Вице- адмирал Г. И. Левченко, прибывший в Одессу в ночь на 1 октября, оставался там несколько дней, решая с командованием ООР практические вопросы эвакуации, и это было большой помощью нам. В Одессе находилась группа флотских штабистов, а также группа политработников во главе с начальником политуправления флота дивизионным комиссаром Бондаренко. Их задача состояла прежде всего в том, чтобы помочь руководителям Одесской обороны обеспечить высокую организованность при крупномасштабных перебросках войск и максимально возможную их скрытность, строгий порядок в порту, исключить какие-либо проявления паники в городе.
На каждое гражданское судно, привлекаемое к эвакуации войск, мы решили назначить военного комиссара. Это было некоторым вторжением в существовавшую организацию службы, поскольку капитаны имели штатных помощников по политической части. Но комиссар не вмешивался в управление судном и действия экипажа, он должен был обеспечивать общий порядок на транспорте, принявшем на борт сотни, а то и тысячи непривычных к морю людей, дисциплинированность [111] их при любых обстоятельствах, в том числе и аварийных, при возможных вражеских атаках. Эта мера, как и назначение в порту комиссаров, отвечавших за организованность посадки на каждое судно, себя оправдала.
Тем временем, на этом последнем этапе существования Одесского оборонительного района, произошли перемены в его командовании. Острое сердечное заболевание внезапно вывело из строя заместителя командующего ООР по сухопутным войскам и командарма Приморской генерал-лейтенанта Г. П. Софронова. Его сменил генерал-майор И. Е. Петров, передавший Чапаевскую дивизию, которой до того командовал, генерал-майору Т. К. Коломийцу - бывшему начальнику тыла оборонительного района и армии. Одновременно был отозван на другую работу член Военного совета ООР, секретарь Одесского обкома партии А. Г. Колыбанов.
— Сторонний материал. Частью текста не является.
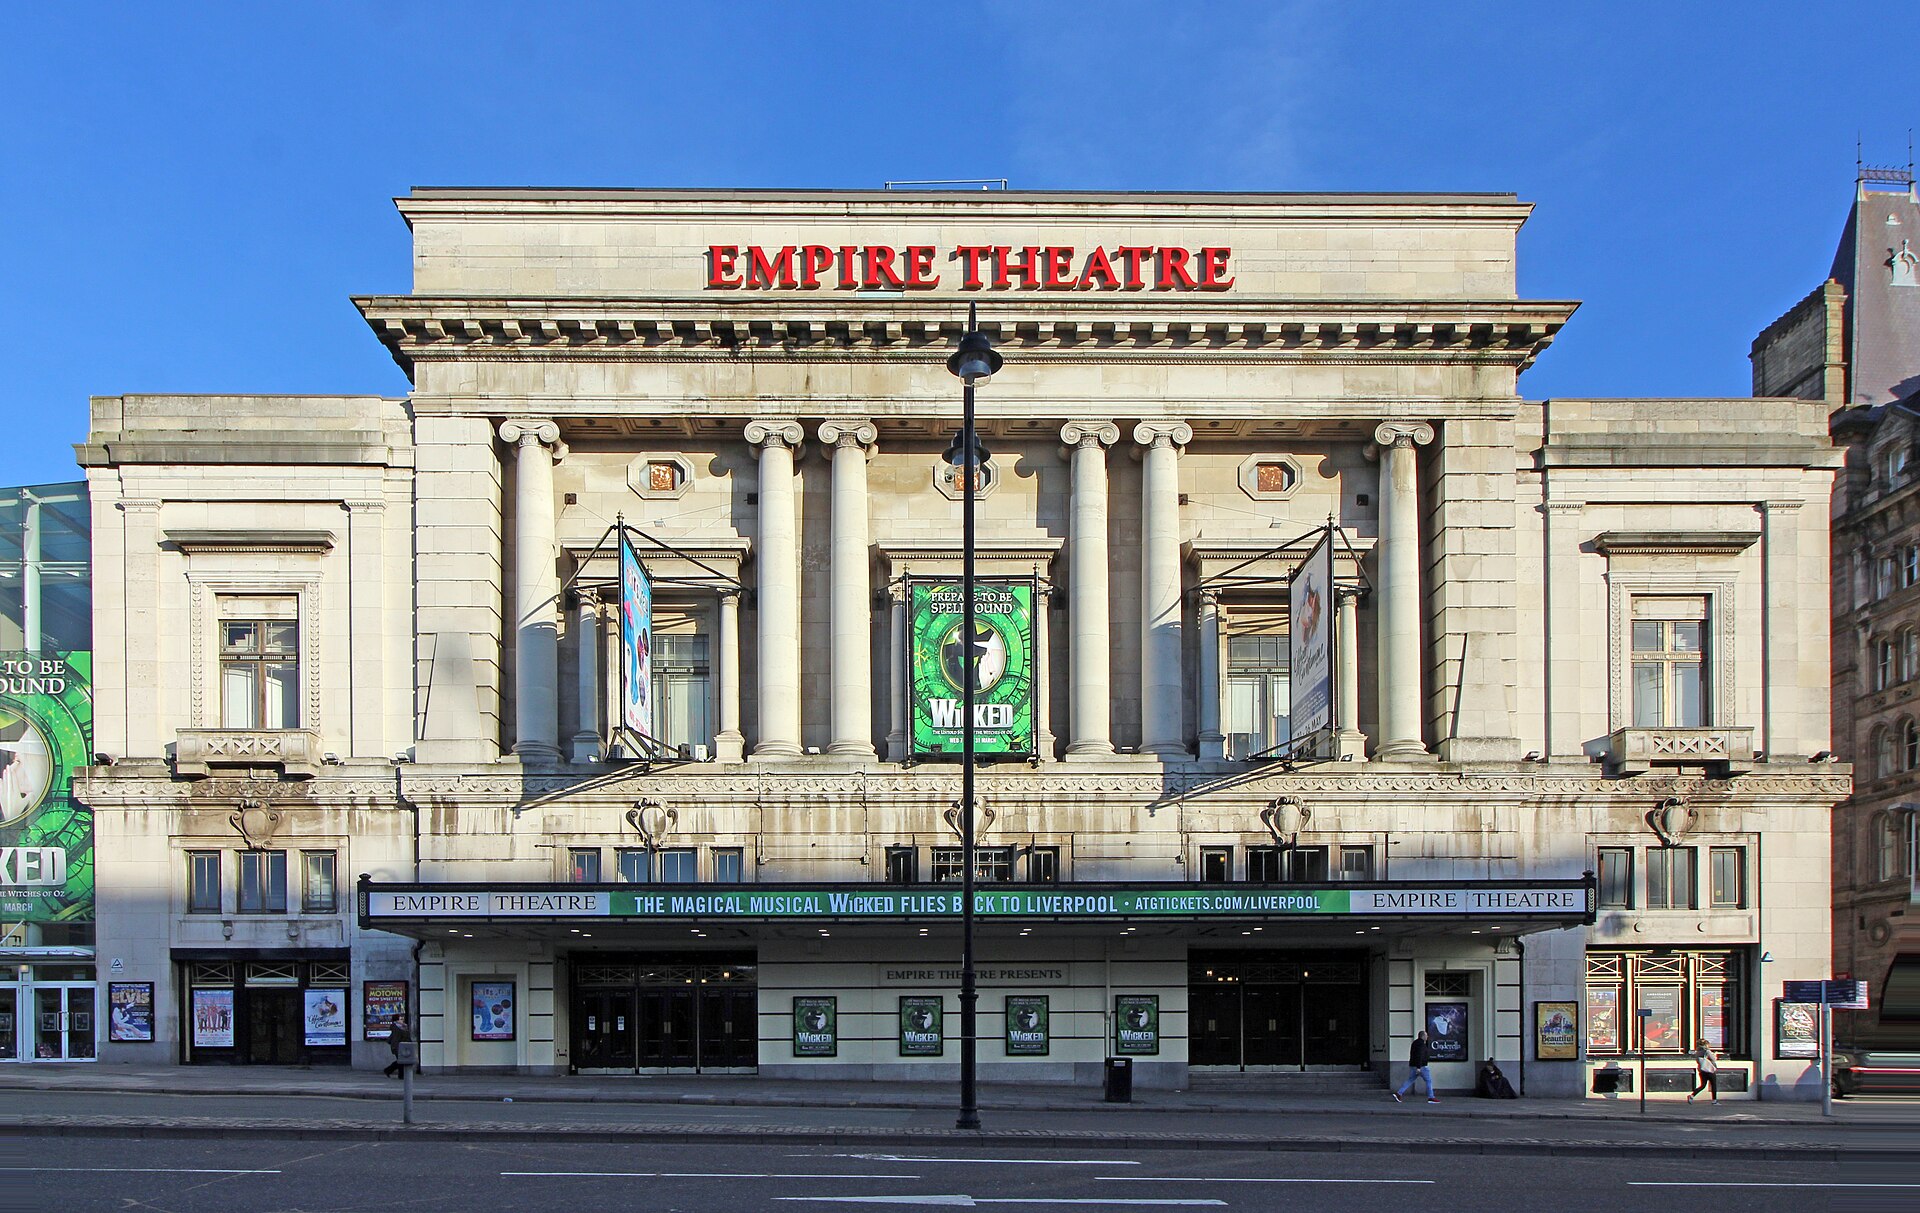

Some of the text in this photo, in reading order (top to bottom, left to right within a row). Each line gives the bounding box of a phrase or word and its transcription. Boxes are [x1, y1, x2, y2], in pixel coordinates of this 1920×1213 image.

Я встретил Софронова и Колыбанова у трапа ошвартовавшегося в Южной бухте эсминца, на котором вернулся из Одессы также вице-адмирал Левченко. Софронов сошел на берег, поддерживаемый краснофлотцами, в сопровождении врача, и его сразу увезли в госпиталь. Колыбанова я в тот же день проводил на корабль, уходивший в Новороссийск. У обоих, чувствовалось, было тяжело на душе - должно быть, вдвойне переживали предстоящее оставление Одессы из-за того, что пришлось, пусть не по своей воле или вине, отбыть оттуда в числе первых.
Левченко и Колыбанов рассказали о положении в Одессе. Город не знал еще своей судьбы. Не знали и в оборонявших его частях, что отвод дивизии Томилова (в первых числах октября отправлялась в Крым еще только она) - начало общей эвакуации войск. Дивизия, переброшенная на одесский плацдарм немногим больше двух недель назад, помогла оттеснить врага в восточном секторе, избавить город от артиллерийского обстрела, а теперь, получив новый боевой приказ, уходила на другой участок фронта - так это выглядело для всех, кому пока не полагалось знать большего.